Good luck! positive thoughts headed your way!


----------



## RadiantRatties (Jul 28, 2014)

After an hour I got her to stop biting and was able to pet her and put her in a rat ball. She still nibbles, but not hard enough to draw blood, and I just say no. I think she's just trying to figure out what I am and if I'm food. But hard nibbles are a no no. She absolutely hates being picked up and squeaks and screams if I do but we have gotten somewhere 


Sent from Petguide.com Free App


----------



## PawsandClaws (Jul 22, 2014)

Sounds like progress! Have you tried to entice her with baby food on a spoon? How does she behave once she is picked up and on you?
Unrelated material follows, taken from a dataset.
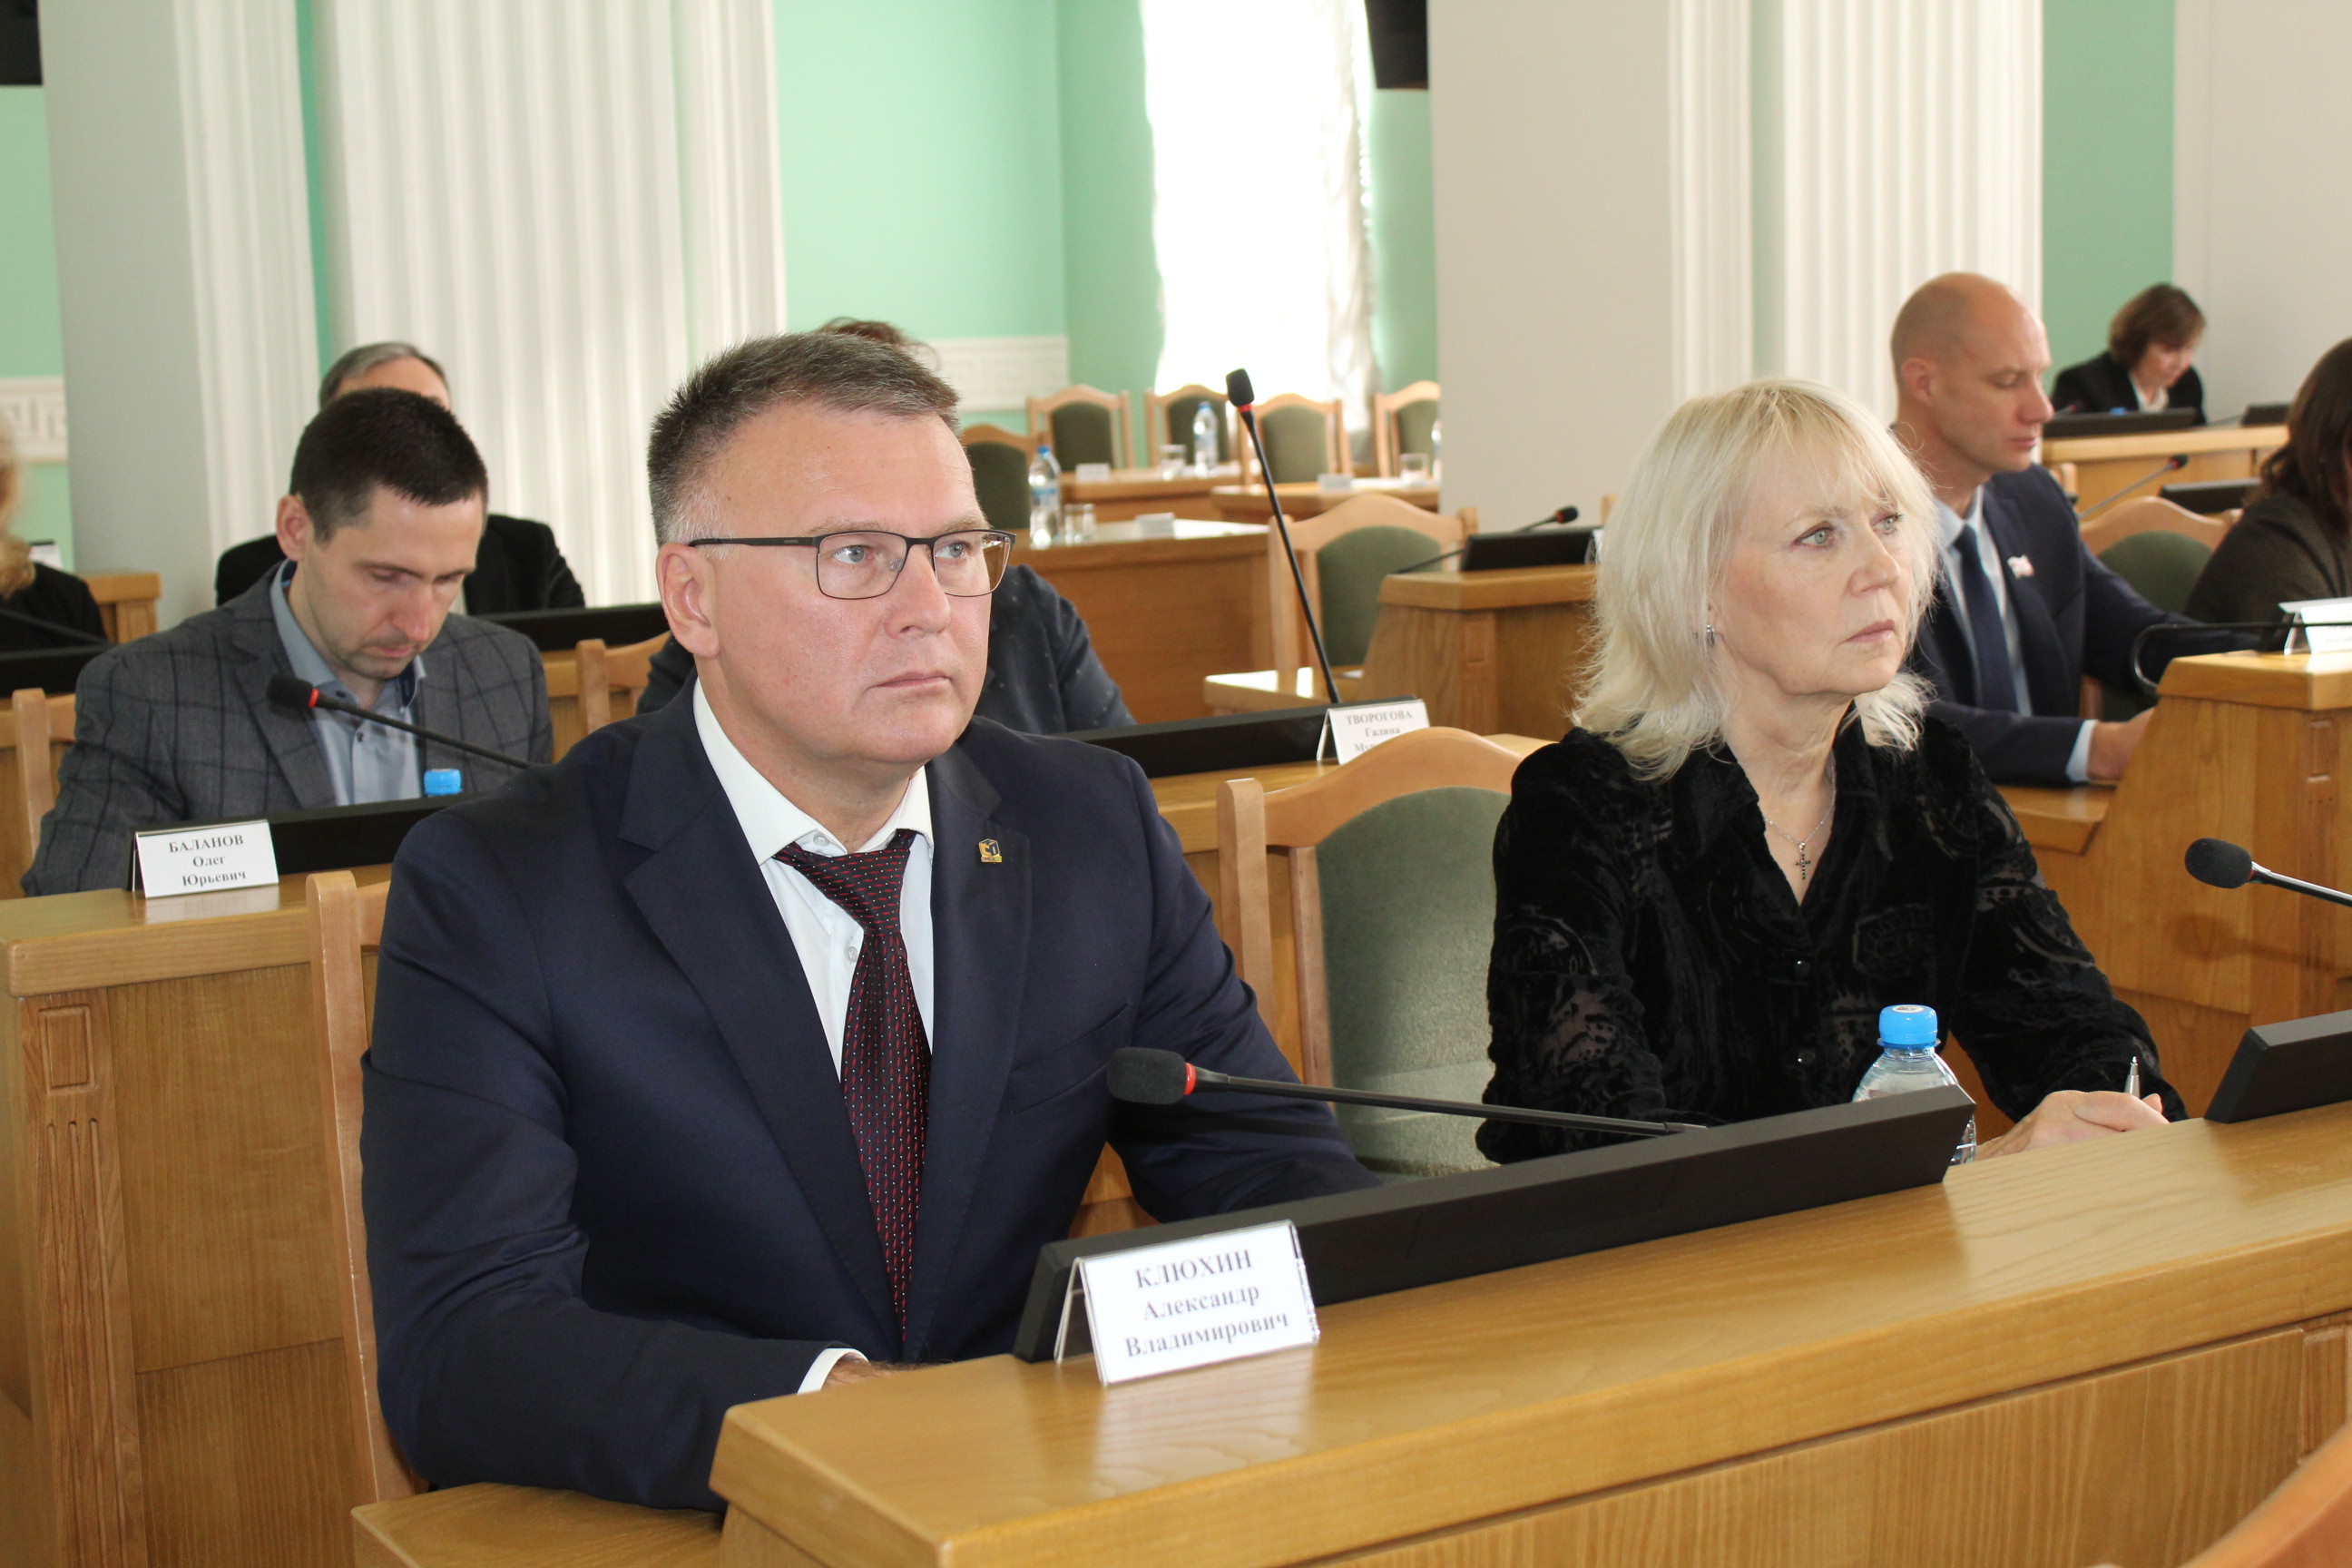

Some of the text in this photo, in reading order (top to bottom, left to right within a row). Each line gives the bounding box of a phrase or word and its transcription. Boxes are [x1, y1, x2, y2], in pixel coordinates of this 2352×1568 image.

Sounds to me like she is terrified of the 'big, bad human' and biting is her way of making bad things go away. I think the immersion sessions will really help her get accustomed to you. Even if she does not fully come around, the immersion is a good first step to rehabilitation for any prospective adopters.


----------



## RadiantRatties (Jul 28, 2014)

After she gets picked up she is okay, except she likes to nibble (sometimes quite hard), but I just try to discourage it. I used to be terrified of getting bit, but after today I am quite confident with handling her and not getting bit. She doesn't like being picked up, but I can from the sides and then place her on my arm. Then I can take her to bond and play. Very proud of the progress we have made. 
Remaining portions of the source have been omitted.